■ **EXERCISE GOAL**
Write out everything in the records exactly, apart from the pictures.

(Beginning of TASK DATA)

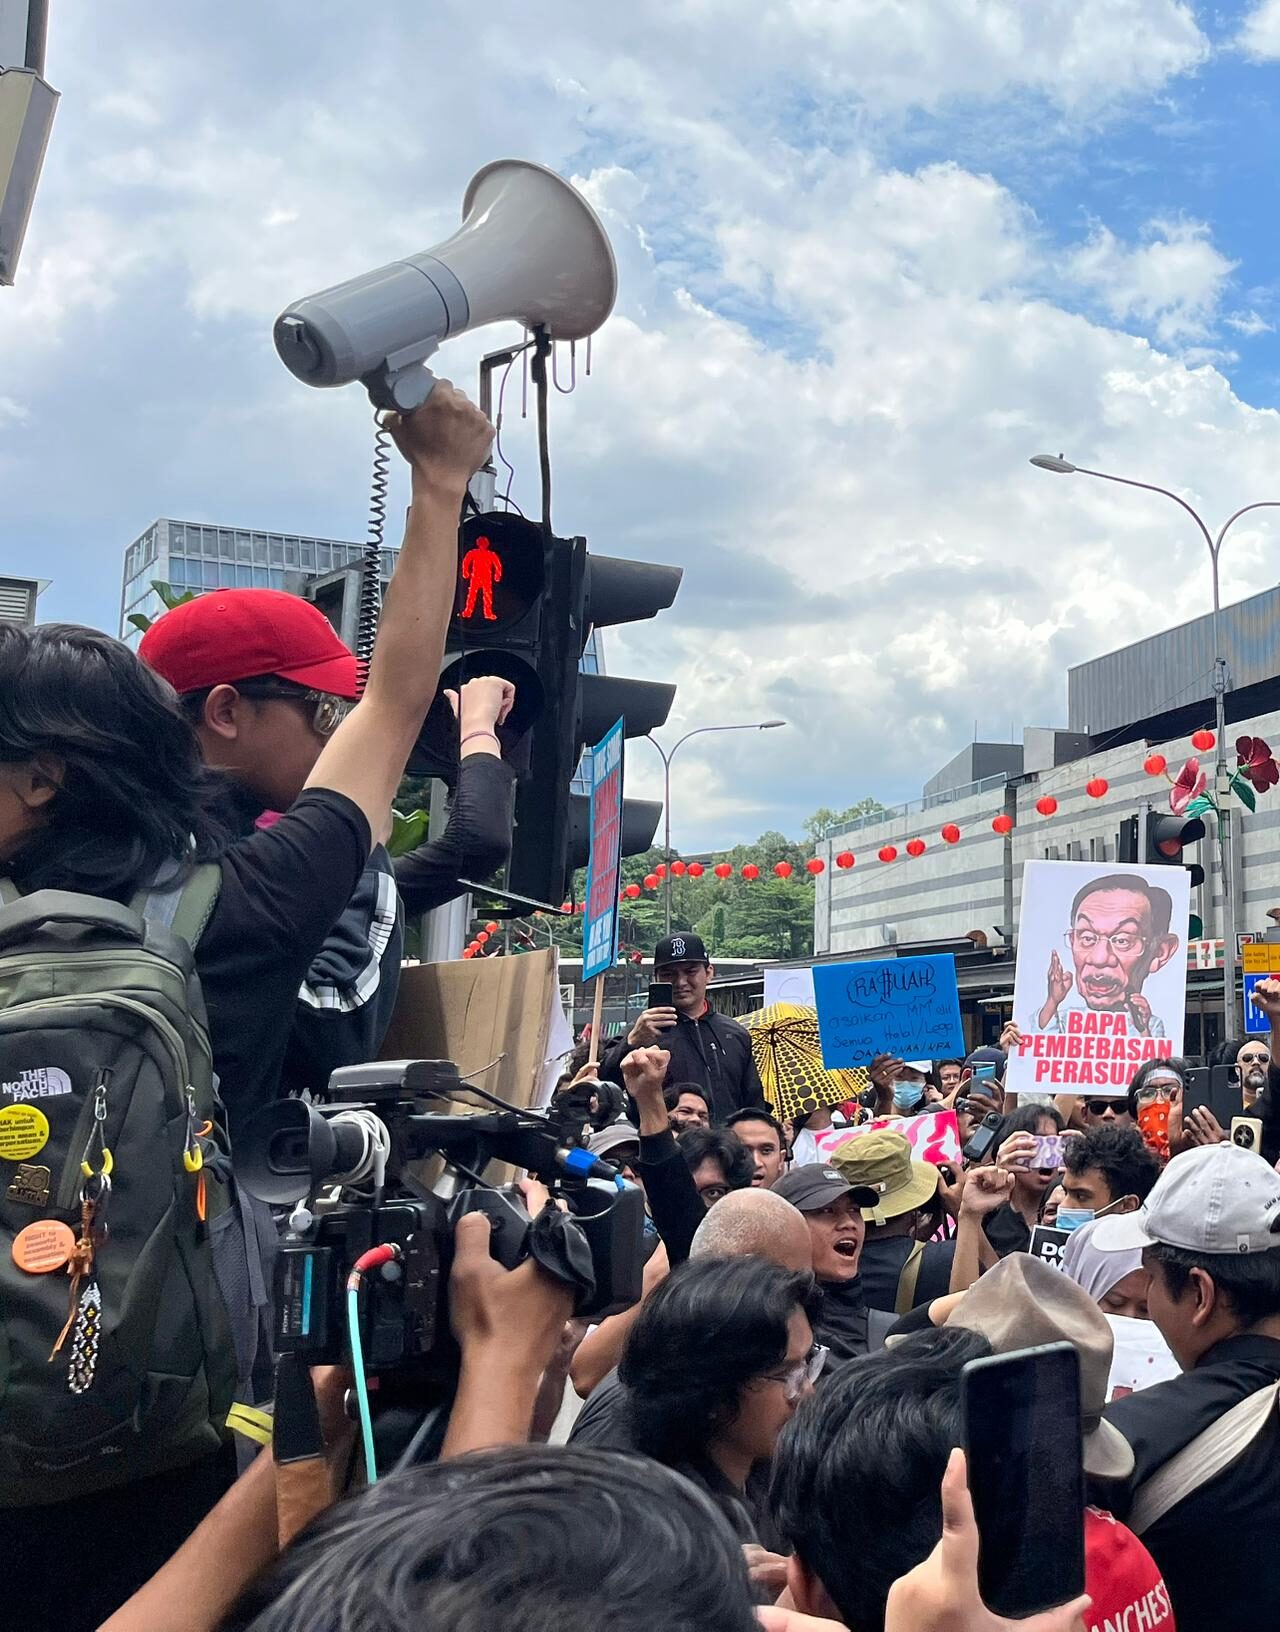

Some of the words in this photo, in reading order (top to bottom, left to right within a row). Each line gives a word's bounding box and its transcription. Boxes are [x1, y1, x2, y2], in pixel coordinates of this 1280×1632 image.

[1068, 1012, 1127, 1036] BAPA
[1018, 1035, 1172, 1061] PEMBEBASAN
[19, 1068, 47, 1081] THE
[2, 1079, 48, 1094] NORTH
[13, 1089, 48, 1102] FACE

(End of TASK DATA)

■ **WORKED SOLUTION**
Some of the words in this photo, in reading order (top to bottom, left to right within a row). Each line gives a word's bounding box and its transcription. Boxes are [x1, y1, x2, y2], in pixel coordinates of this 1280×1632 image.

[1068, 1012, 1127, 1036] BAPA
[1018, 1035, 1172, 1061] PEMBEBASAN
[19, 1068, 47, 1081] THE
[2, 1079, 48, 1094] NORTH
[13, 1089, 48, 1102] FACE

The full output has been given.